DATASET EXCERPTS:

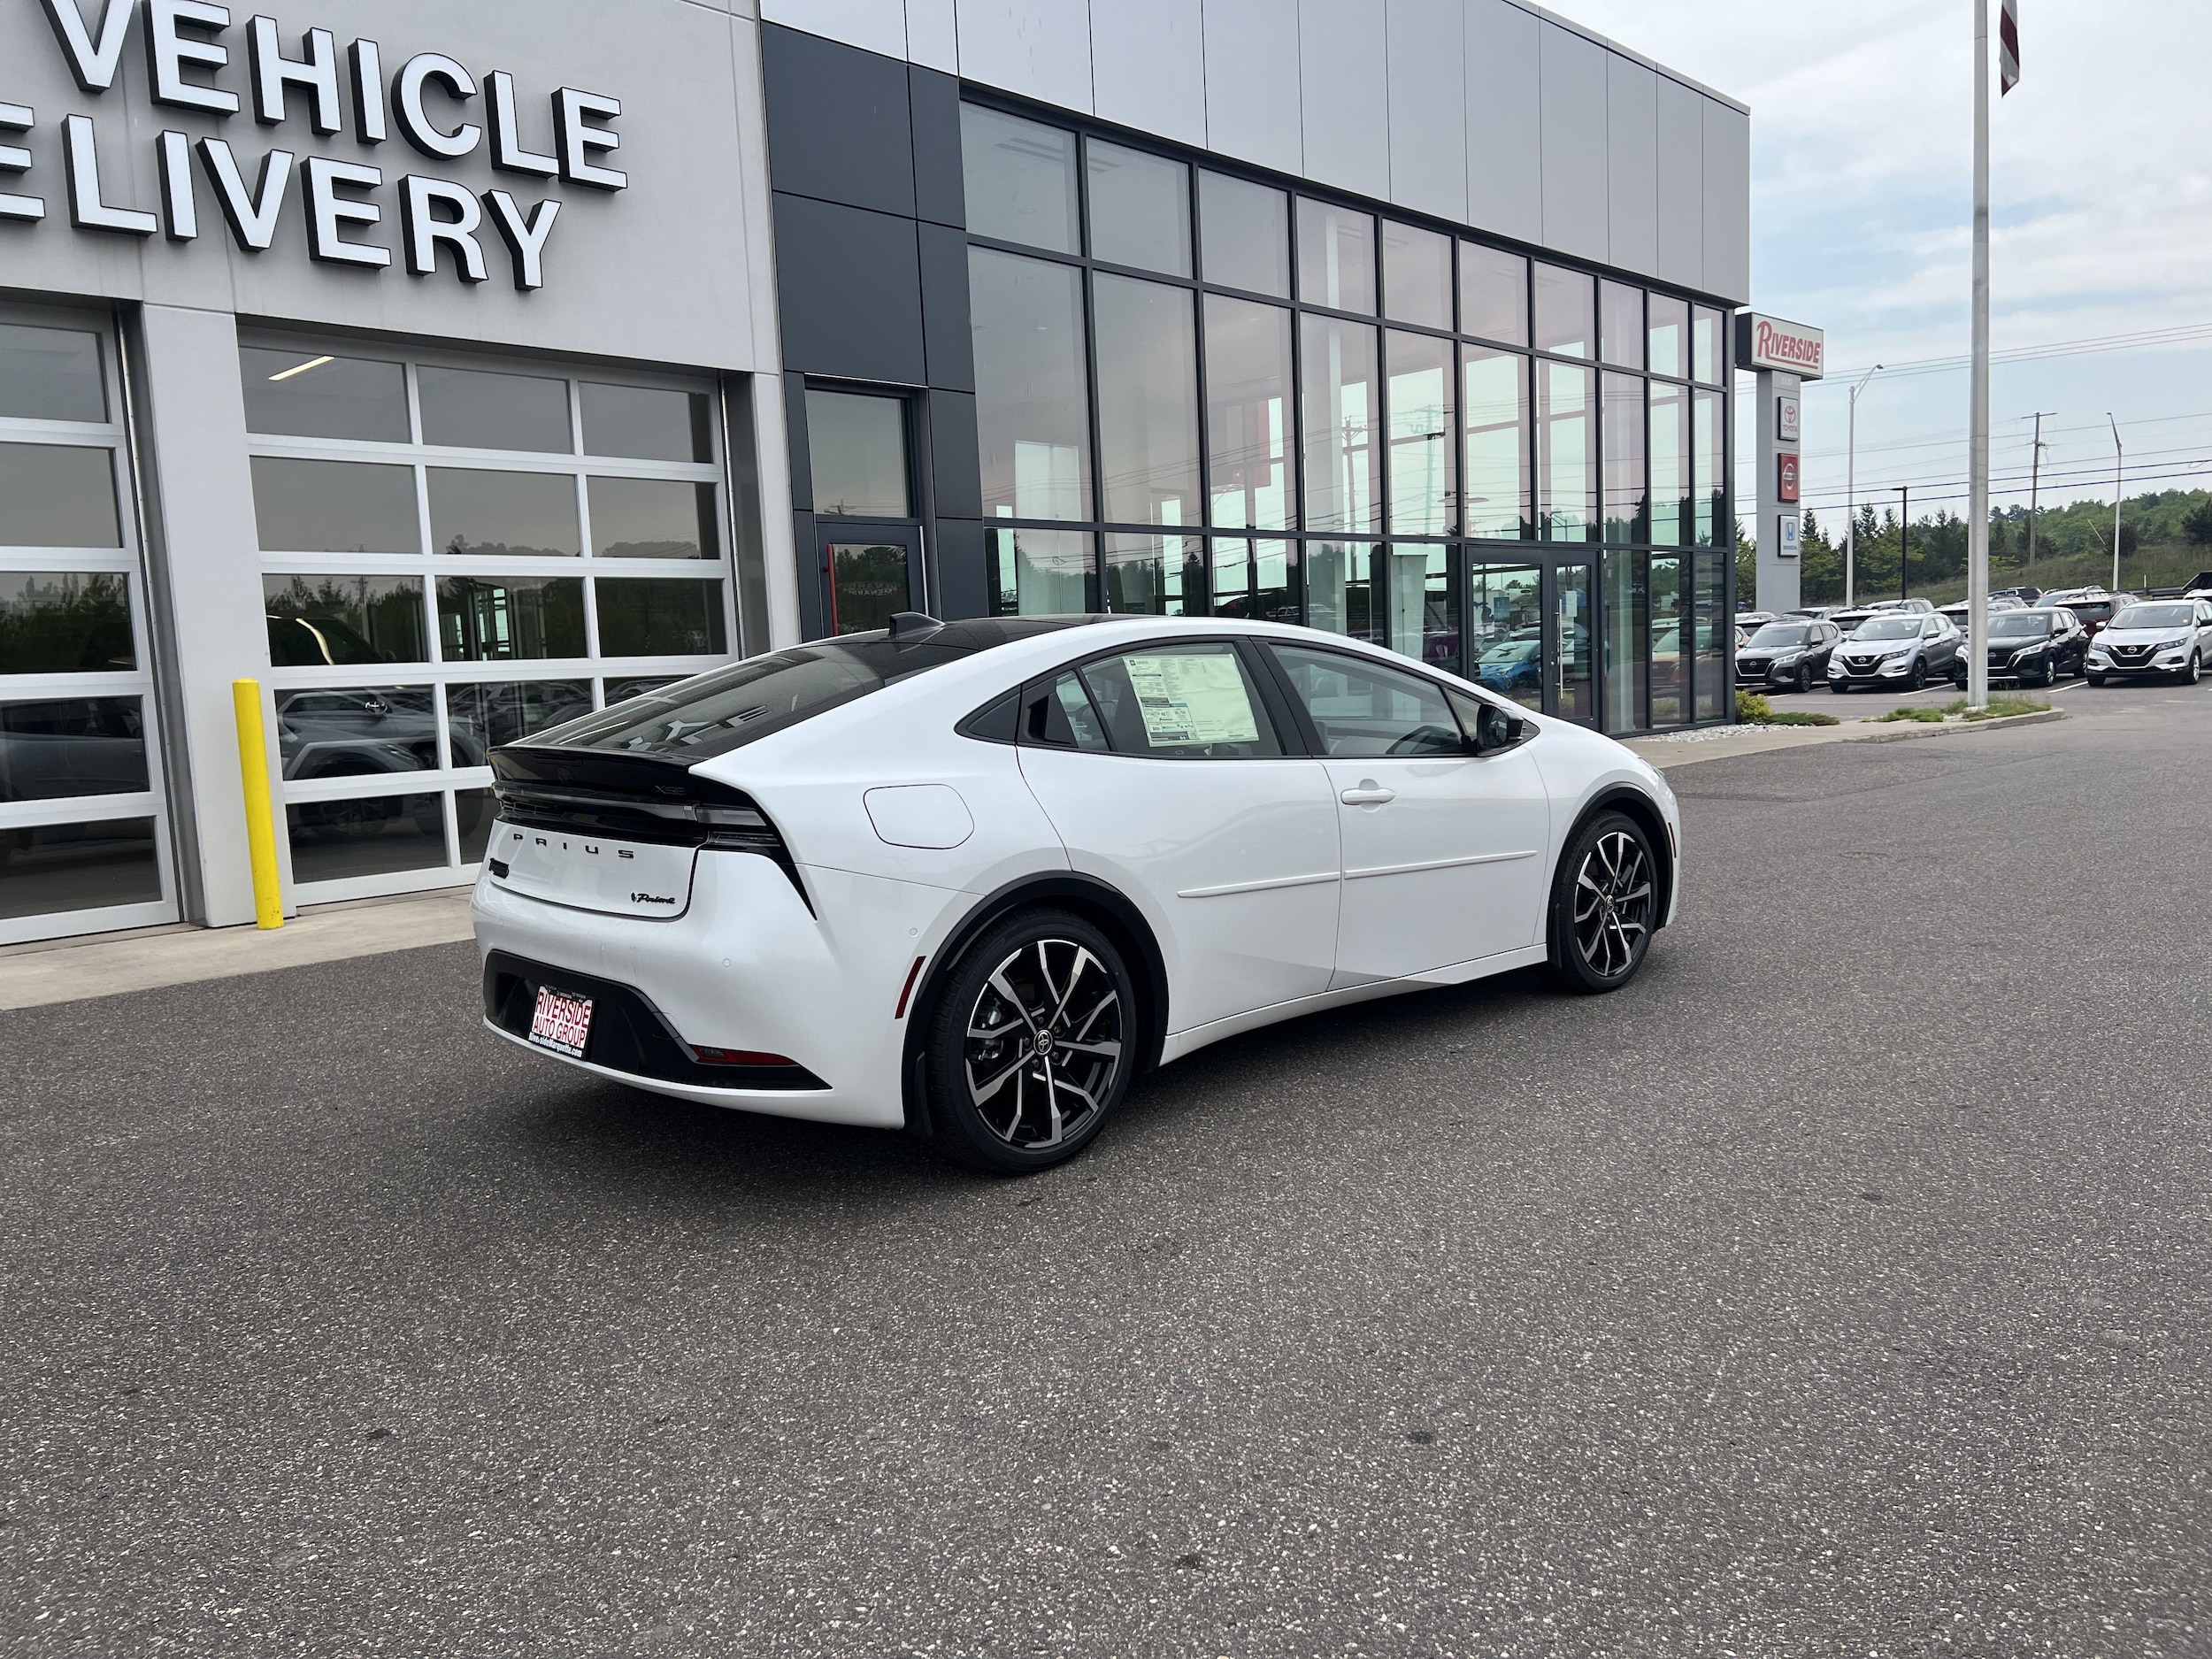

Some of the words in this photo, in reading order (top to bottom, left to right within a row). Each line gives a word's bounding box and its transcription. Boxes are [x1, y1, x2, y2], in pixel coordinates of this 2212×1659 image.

[46, 0, 628, 193] VEHICLE
[1756, 320, 1821, 365] RIVERSIDE
[655, 785, 687, 795] XSE
[513, 833, 634, 859] PRIUS
[636, 892, 676, 905] Prime
[535, 991, 592, 1029] RIVERSIDE
[533, 1014, 556, 1037] AUTO
[556, 1022, 586, 1046] GROUP

INSTRUCTIONS FOR THE TASK: Skipping any pictures, copy the entries exactly as they appear.

ANSWER SECTION:
Some of the words in this photo, in reading order (top to bottom, left to right within a row). Each line gives a word's bounding box and its transcription. Boxes are [x1, y1, x2, y2], in pixel coordinates of this 2212×1659 image.

[46, 0, 628, 193] VEHICLE
[1756, 320, 1821, 365] RIVERSIDE
[655, 785, 687, 795] XSE
[513, 833, 634, 859] PRIUS
[636, 892, 676, 905] Prime
[535, 991, 592, 1029] RIVERSIDE
[533, 1014, 556, 1037] AUTO
[556, 1022, 586, 1046] GROUP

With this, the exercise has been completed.